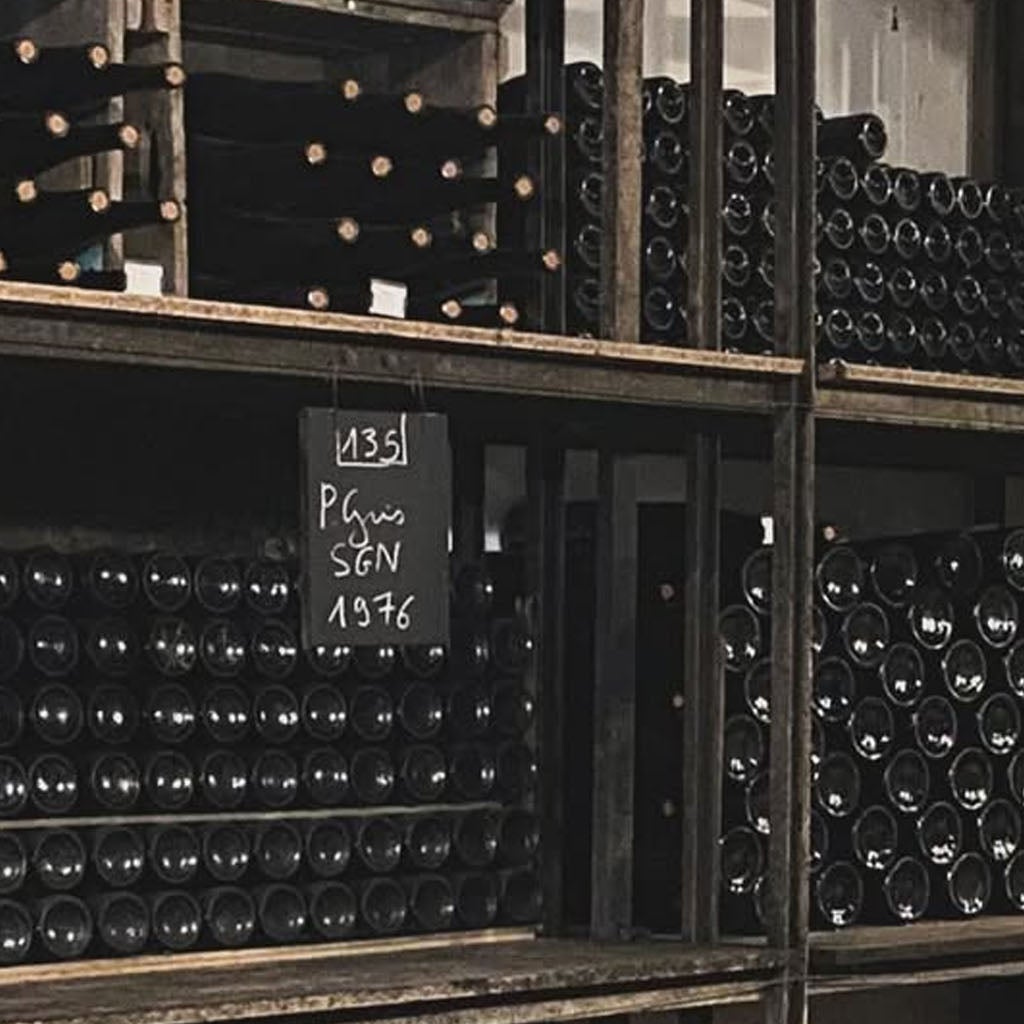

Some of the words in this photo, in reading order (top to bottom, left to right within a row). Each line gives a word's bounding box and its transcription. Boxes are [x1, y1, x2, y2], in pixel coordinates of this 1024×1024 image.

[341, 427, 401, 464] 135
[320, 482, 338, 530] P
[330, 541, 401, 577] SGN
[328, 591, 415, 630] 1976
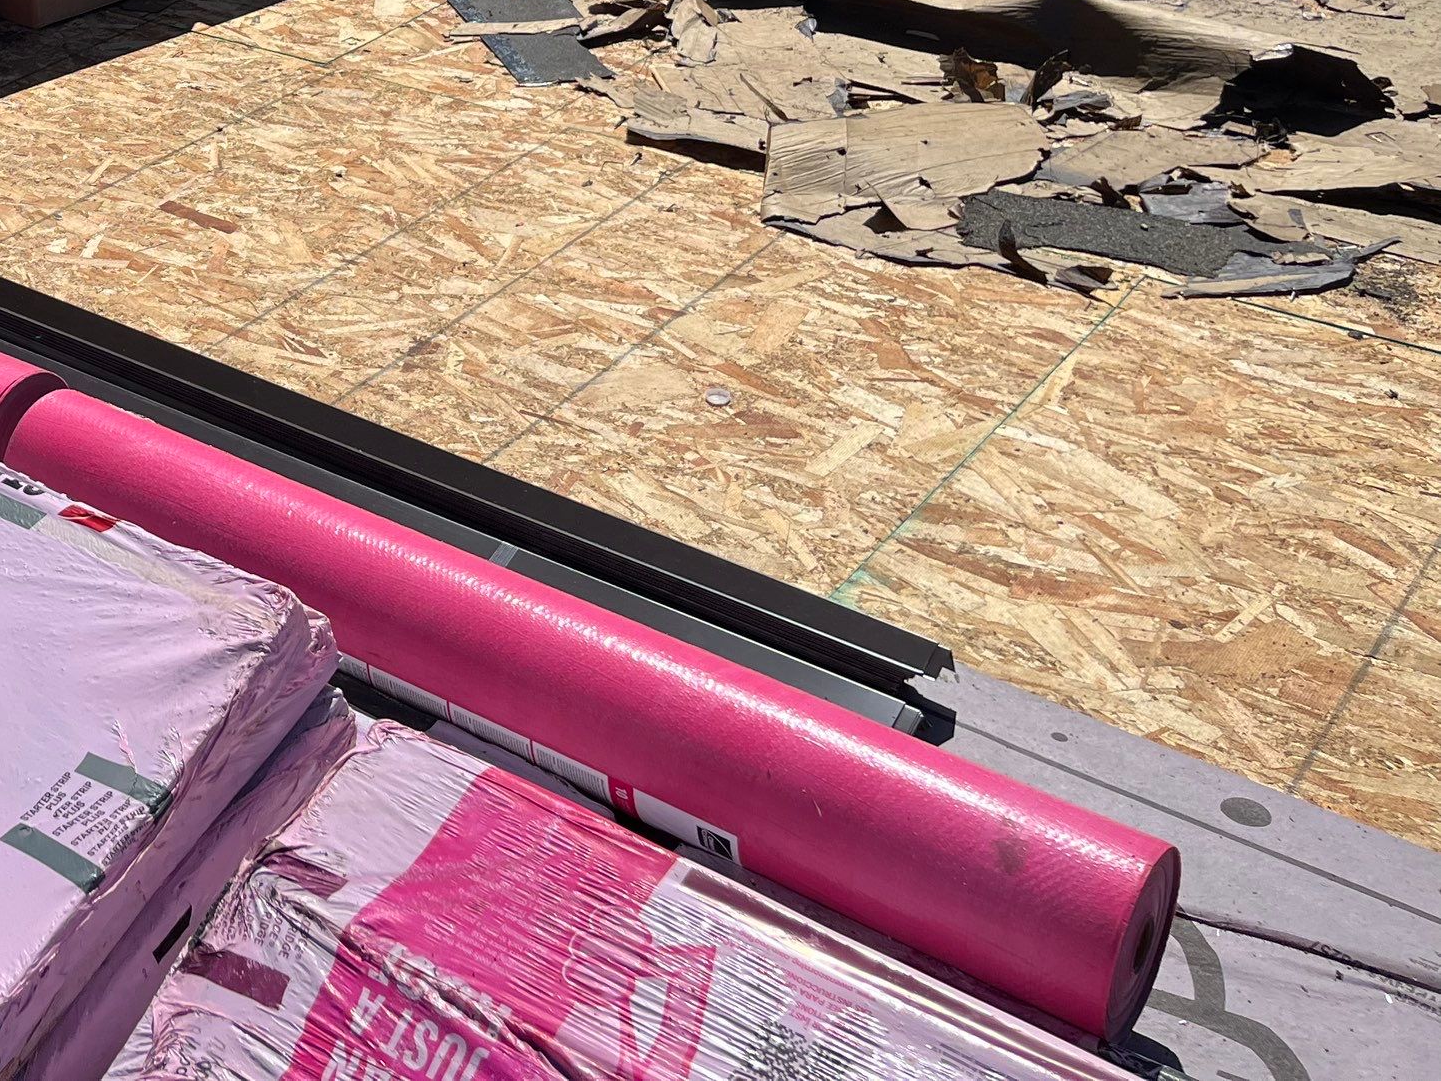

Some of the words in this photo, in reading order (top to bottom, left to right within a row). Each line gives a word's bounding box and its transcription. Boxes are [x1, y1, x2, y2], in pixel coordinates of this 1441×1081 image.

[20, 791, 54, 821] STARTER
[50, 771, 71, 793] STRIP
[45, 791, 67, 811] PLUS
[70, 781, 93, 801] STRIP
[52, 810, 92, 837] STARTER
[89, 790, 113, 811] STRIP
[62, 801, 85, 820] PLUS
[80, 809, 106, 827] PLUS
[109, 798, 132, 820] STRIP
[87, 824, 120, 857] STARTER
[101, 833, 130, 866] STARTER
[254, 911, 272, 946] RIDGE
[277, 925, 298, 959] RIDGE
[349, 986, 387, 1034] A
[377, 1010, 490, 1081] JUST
+ + +
Your copy should hold every entry exactly as written, but none of the pictures.

Some of the words in this photo, in reading order (top to bottom, left to right within a row). Each line gives a word's bounding box and its transcription. Boxes are [x1, y1, x2, y2], in pixel coordinates of this 1024×1024 image.

[341, 427, 401, 464] 135
[320, 482, 338, 530] P
[330, 541, 401, 577] SGN
[328, 591, 415, 630] 1976

Some of the words in this photo, in reading order (top to bottom, left to right within a row). Each line gives a word's bounding box and its transcription. Boxes are [x1, y1, x2, y2], in pixel coordinates of this 1441×1081 image.

[20, 791, 54, 821] STARTER
[50, 771, 71, 793] STRIP
[45, 791, 67, 811] PLUS
[70, 781, 93, 801] STRIP
[52, 810, 92, 837] STARTER
[89, 790, 113, 811] STRIP
[62, 801, 85, 820] PLUS
[80, 809, 106, 827] PLUS
[109, 798, 132, 820] STRIP
[87, 824, 120, 857] STARTER
[101, 833, 130, 866] STARTER
[254, 911, 272, 946] RIDGE
[277, 925, 298, 959] RIDGE
[349, 986, 387, 1034] A
[377, 1010, 490, 1081] JUST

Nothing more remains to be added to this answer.